Print out each entry below exactly; do not carry over any image.

Records contained in a dataset >>
- - - - -

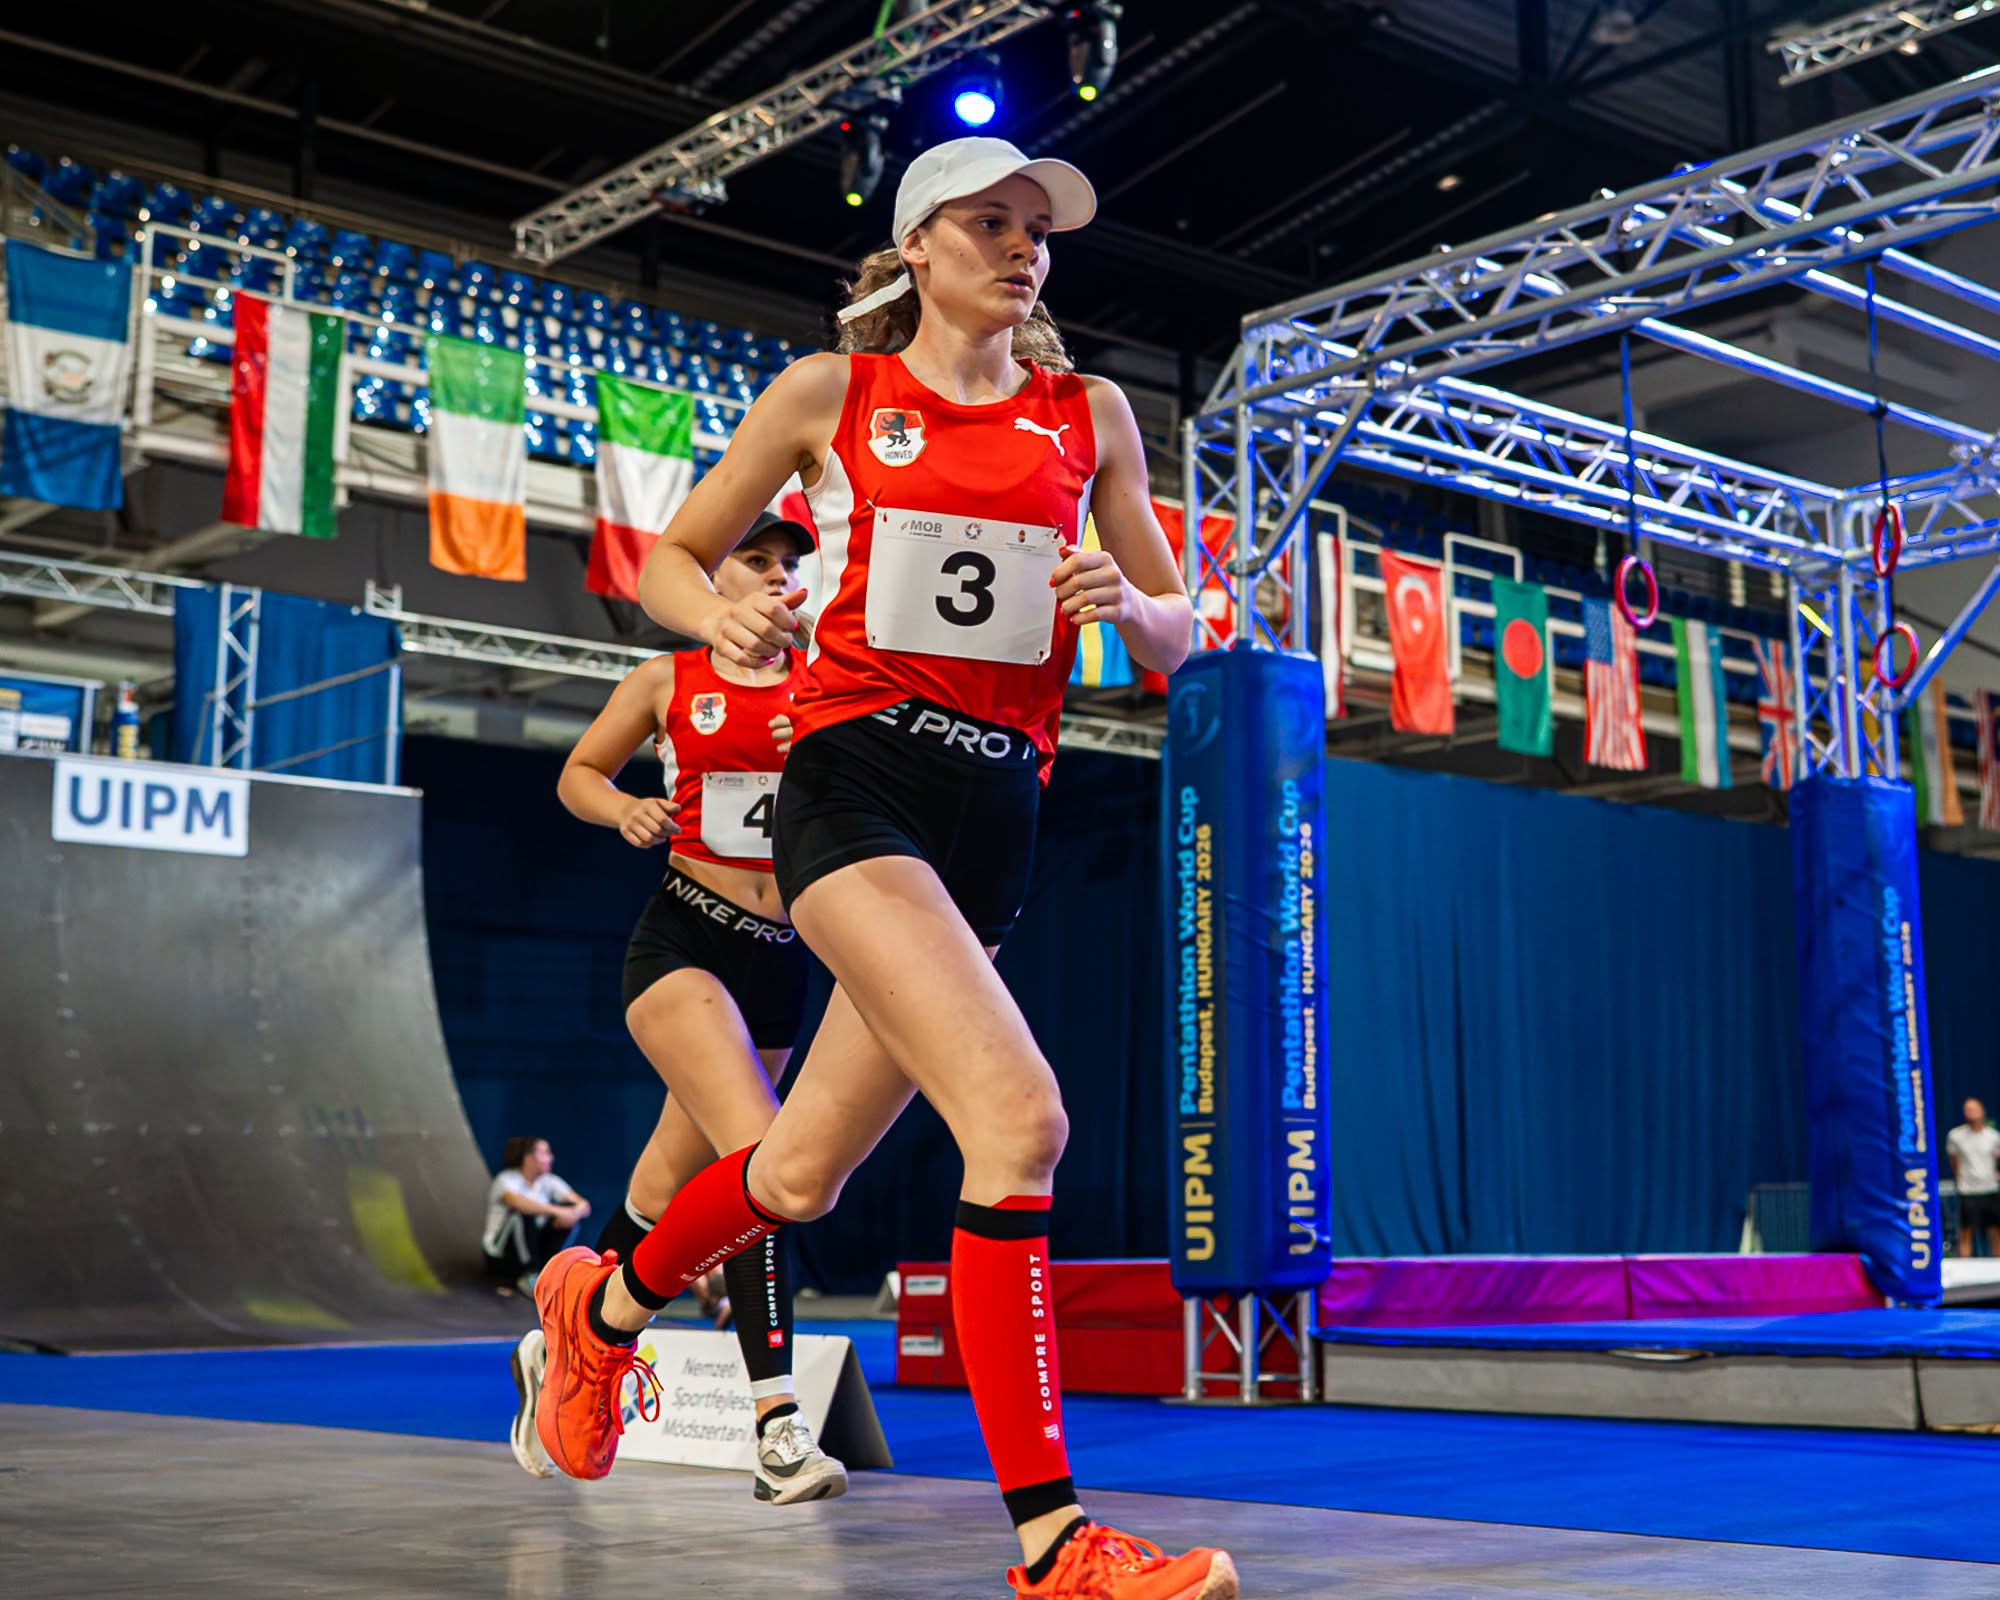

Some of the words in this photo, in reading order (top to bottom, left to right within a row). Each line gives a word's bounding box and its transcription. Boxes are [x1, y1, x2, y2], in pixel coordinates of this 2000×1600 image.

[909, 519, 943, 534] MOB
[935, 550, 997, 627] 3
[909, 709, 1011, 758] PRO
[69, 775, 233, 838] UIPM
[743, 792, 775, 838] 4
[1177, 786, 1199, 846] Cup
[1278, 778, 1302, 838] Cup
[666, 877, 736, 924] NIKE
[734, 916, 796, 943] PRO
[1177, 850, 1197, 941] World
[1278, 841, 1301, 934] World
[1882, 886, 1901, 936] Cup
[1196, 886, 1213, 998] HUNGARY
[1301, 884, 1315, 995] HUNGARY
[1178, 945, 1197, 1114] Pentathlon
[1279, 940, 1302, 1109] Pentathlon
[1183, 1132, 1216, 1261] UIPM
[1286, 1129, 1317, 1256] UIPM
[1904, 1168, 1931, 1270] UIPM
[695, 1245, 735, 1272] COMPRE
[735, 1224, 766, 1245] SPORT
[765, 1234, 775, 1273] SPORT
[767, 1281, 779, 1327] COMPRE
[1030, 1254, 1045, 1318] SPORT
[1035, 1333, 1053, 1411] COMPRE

- - - - -

Reply >>
Some of the words in this photo, in reading order (top to bottom, left to right within a row). Each line gives a word's bounding box and its transcription. Boxes are [x1, y1, x2, y2], in pixel coordinates of this 2000×1600 image.

[909, 519, 943, 534] MOB
[935, 550, 997, 627] 3
[909, 709, 1011, 758] PRO
[69, 775, 233, 838] UIPM
[743, 792, 775, 838] 4
[1177, 786, 1199, 846] Cup
[1278, 778, 1302, 838] Cup
[666, 877, 736, 924] NIKE
[734, 916, 796, 943] PRO
[1177, 850, 1197, 941] World
[1278, 841, 1301, 934] World
[1882, 886, 1901, 936] Cup
[1196, 886, 1213, 998] HUNGARY
[1301, 884, 1315, 995] HUNGARY
[1178, 945, 1197, 1114] Pentathlon
[1279, 940, 1302, 1109] Pentathlon
[1183, 1132, 1216, 1261] UIPM
[1286, 1129, 1317, 1256] UIPM
[1904, 1168, 1931, 1270] UIPM
[695, 1245, 735, 1272] COMPRE
[735, 1224, 766, 1245] SPORT
[765, 1234, 775, 1273] SPORT
[767, 1281, 779, 1327] COMPRE
[1030, 1254, 1045, 1318] SPORT
[1035, 1333, 1053, 1411] COMPRE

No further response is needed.